Wicks didn’t say anything for a moment. Outside the wagon, the sounds of the working city grew louder and quieter as they made their way through streets. The yells of a news hawker and of a fishmonger, the hammering of a smithy, the clanging chains of horses and wagons, and the puff and bells of steam matics all navigated in such a tight space made Rose wish there was a window in the wagon. Des Moines would have been the largest city she’d ever seen. If she could have seen it.

“Why?” Wicks finally said. “Why capture the Strange? And how, for that matter?”

“Maybe you can ask the mayor,” Hink said. “I’m sure he’d be happy to just spill it all out for you.”

“Batteries,” Rose said. “That’s what the man on the train told us it was. Somehow the Strange and the glim in those globes make batteries.”

“Power storage for glim?” Wicks shook his head. “I don’t understand that at all.”

“Think of it as a watch that doesn’t need winding because glim sees to the powering of it,” Rose said.

“Watches?”

“No. I don’t know what the batteries are powering, exactly.” Here she glanced at Hink.

They had an idea: the battery fit in the puppet man they had pieced together. If the Strange could be somehow used to power that creature. To work as a heart or drive a spring…

Rose wrapped her arms around herself, suddenly cold. She’d seen
what Strange did when they took over dead bodies. They killed, devoured, tortured. And if they had puppet bodies, would they do the same?

Why would anyone want to use the Strange as a power? Or maybe the use of the Strange drained them and killed them.

“What have you heard about the Vosbroughs raising forces?” Captain Hink asked.

It looked like he’d given up on believing Wicks was lying about being on the same side of the law. Either that or he was doing what he always did: gathering information on the glim trade, the Strange, and other unlawful things.

“Not much,” Wicks admitted. “We know Alabaster was raising men and dealing in glim trade he transported by air. One of the main drop points was Cedar Falls, just west of here and easy rail to Des Moines. If those copper globes were filled with glim, it likely came from the western mountains to Alabaster, then by airship to train, and train to here.”

“Are all the Vosbroughs set up in this town?” Hink asked.

“No. Killian is here. His brother is in Chicago and sister is in New York.”

Hink nodded. That was something he seemed to already know. Rose wondered why he didn’t tell Wicks about the puppet, the possible homunculus, but maybe he was smart not to do so. Wicks had fooled her before; she wasn’t feeling favorable to trusting him again so quickly.

“Any news on what the Vosbrough siblings are doing, specifically?” Hink pressed.

Wicks shook his head. “Nothing the papers wouldn’t print.”

The wagon jerked and came to a full stop. Moments later, the bar was lifted from the doors, and when the door was opened, the full light of dawn freshened up the darkness. Rose held her hand over her eyes to block the worst of the glare.

And saw the row of men outside the wagon, all armed, all wearing
green and gold with armbands embroidered with the initials VB. A personal guard? Or maybe just the town police? She didn’t know.

“This way.” It was the same dark-eyed man from the warehouse.

Hink sighed, as if tired of the whole thing, slapped his thighs, and then stepped out of the wagon, being sure to stretch up to his full six-and-a-half feet.

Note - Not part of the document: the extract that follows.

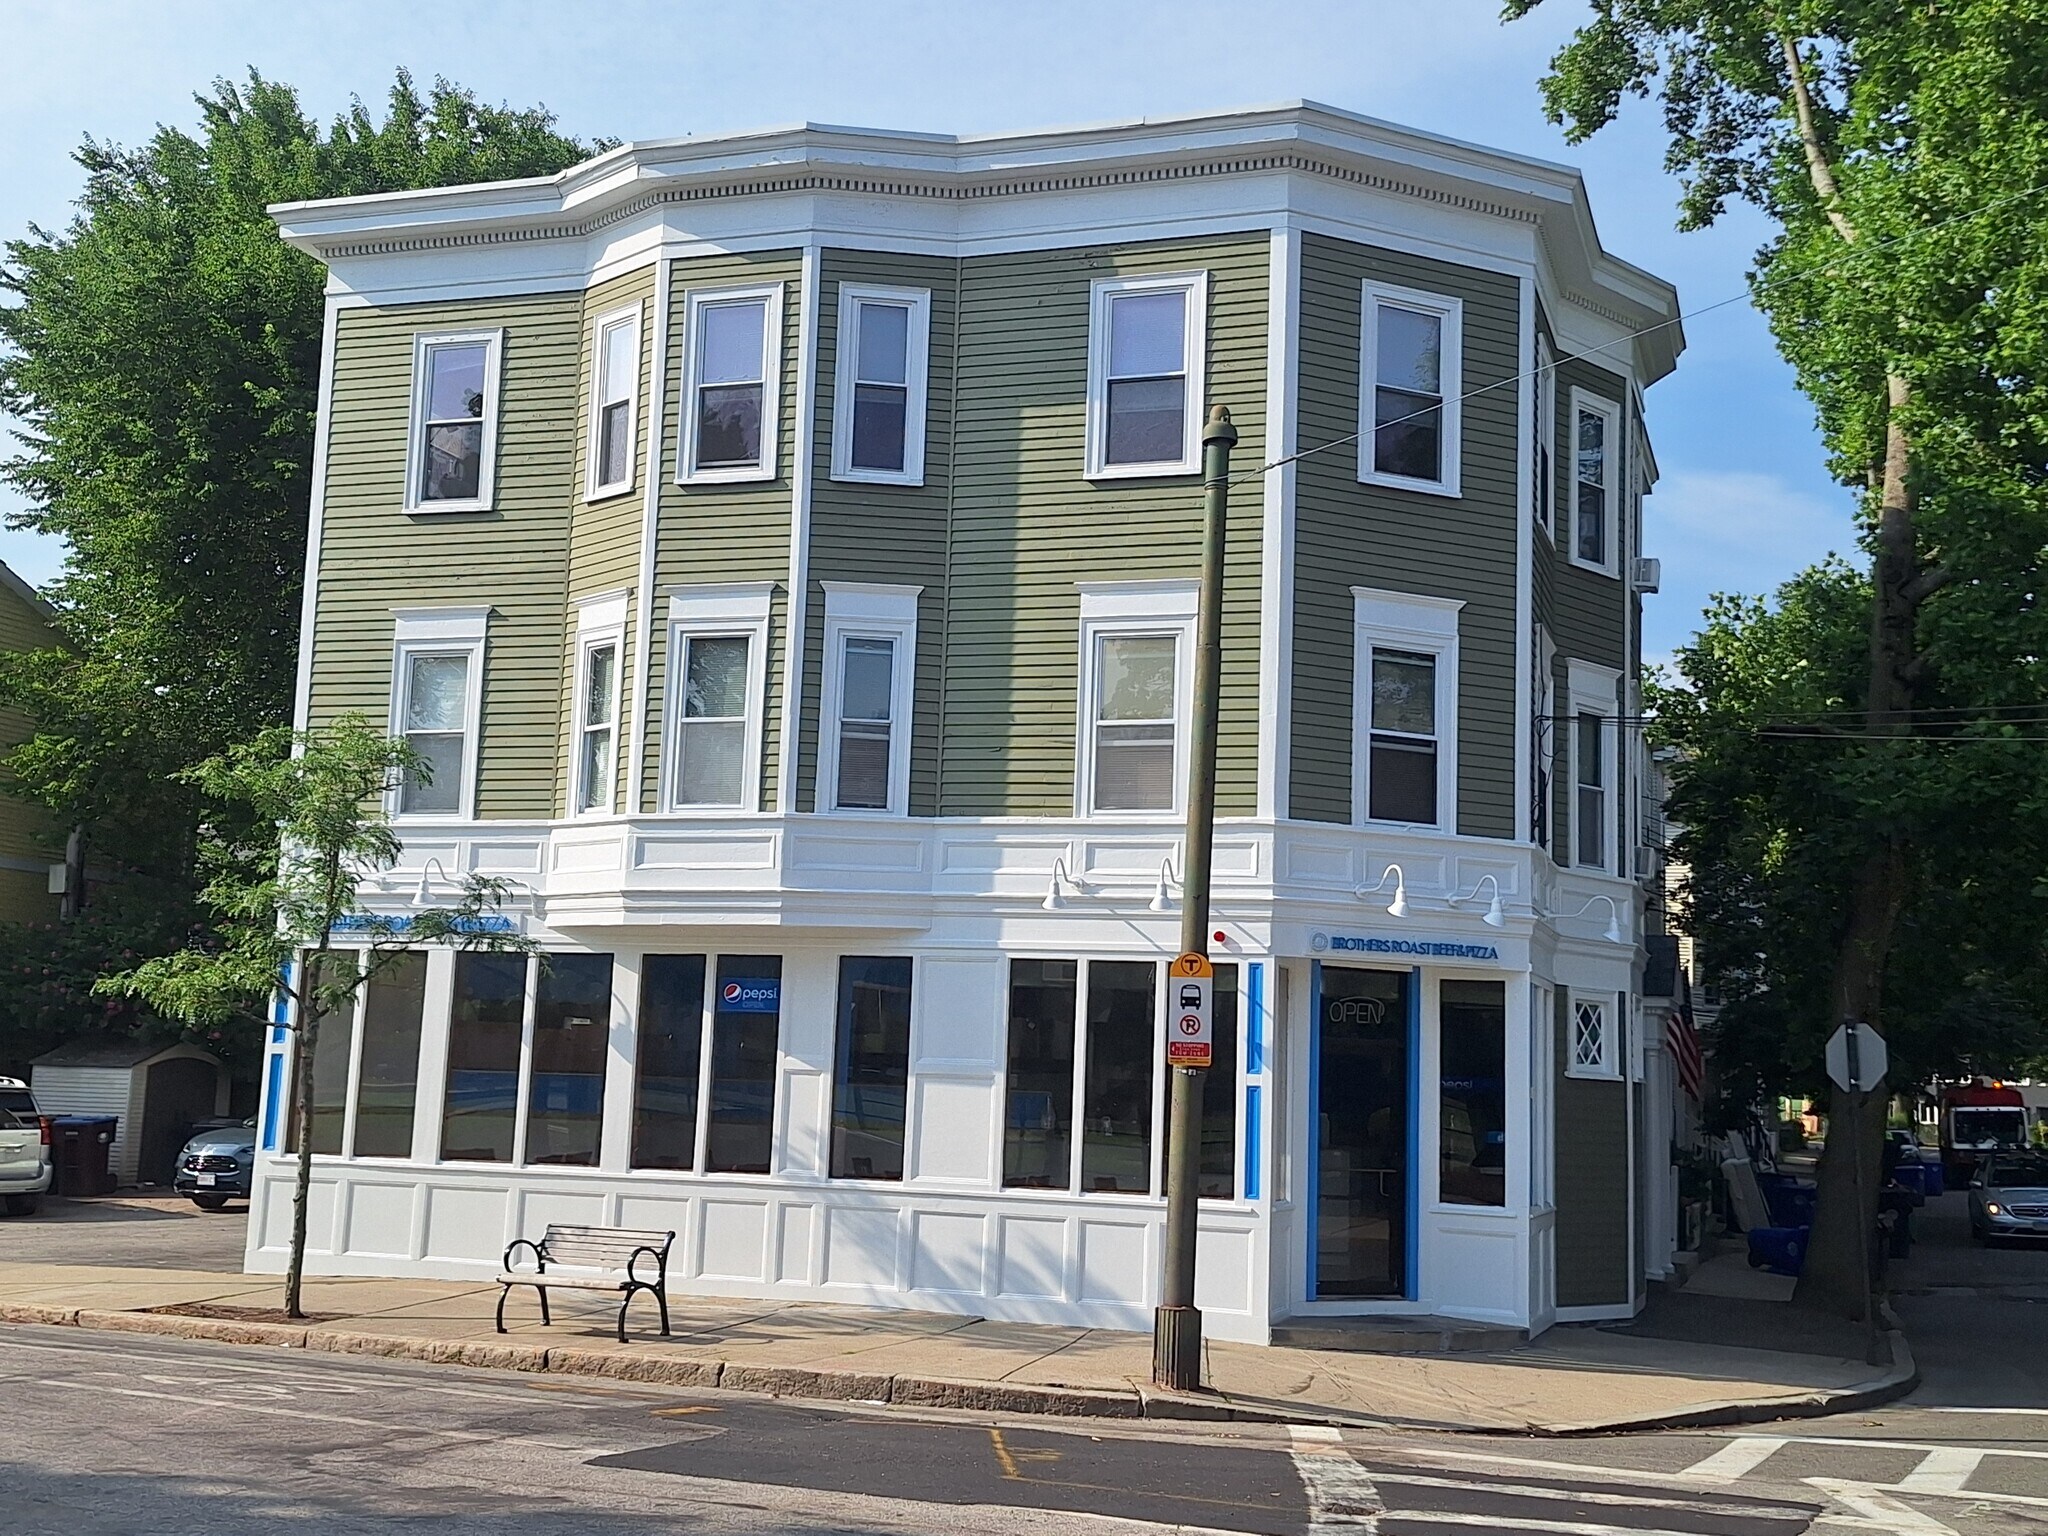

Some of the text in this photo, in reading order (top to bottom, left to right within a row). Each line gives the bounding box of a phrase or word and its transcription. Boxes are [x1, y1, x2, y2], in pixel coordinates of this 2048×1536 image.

The men in the line below gripped their guns a little tighter. Hink could be an intimidating presence when he wanted to be.

“Fine city you got here,” Hink said. “Real nice welcome a fellow gets, plus a free ride to town.” He stepped down to the ground and held his hand out. Rose took his hand and walked down the steps. She tried to smile, but couldn’t hide her worry.

That was a lot of firepower pointing at them. She heard Wicks climbing out of the wagon, but her eyes were suddenly too full of the sights to pay him much attention.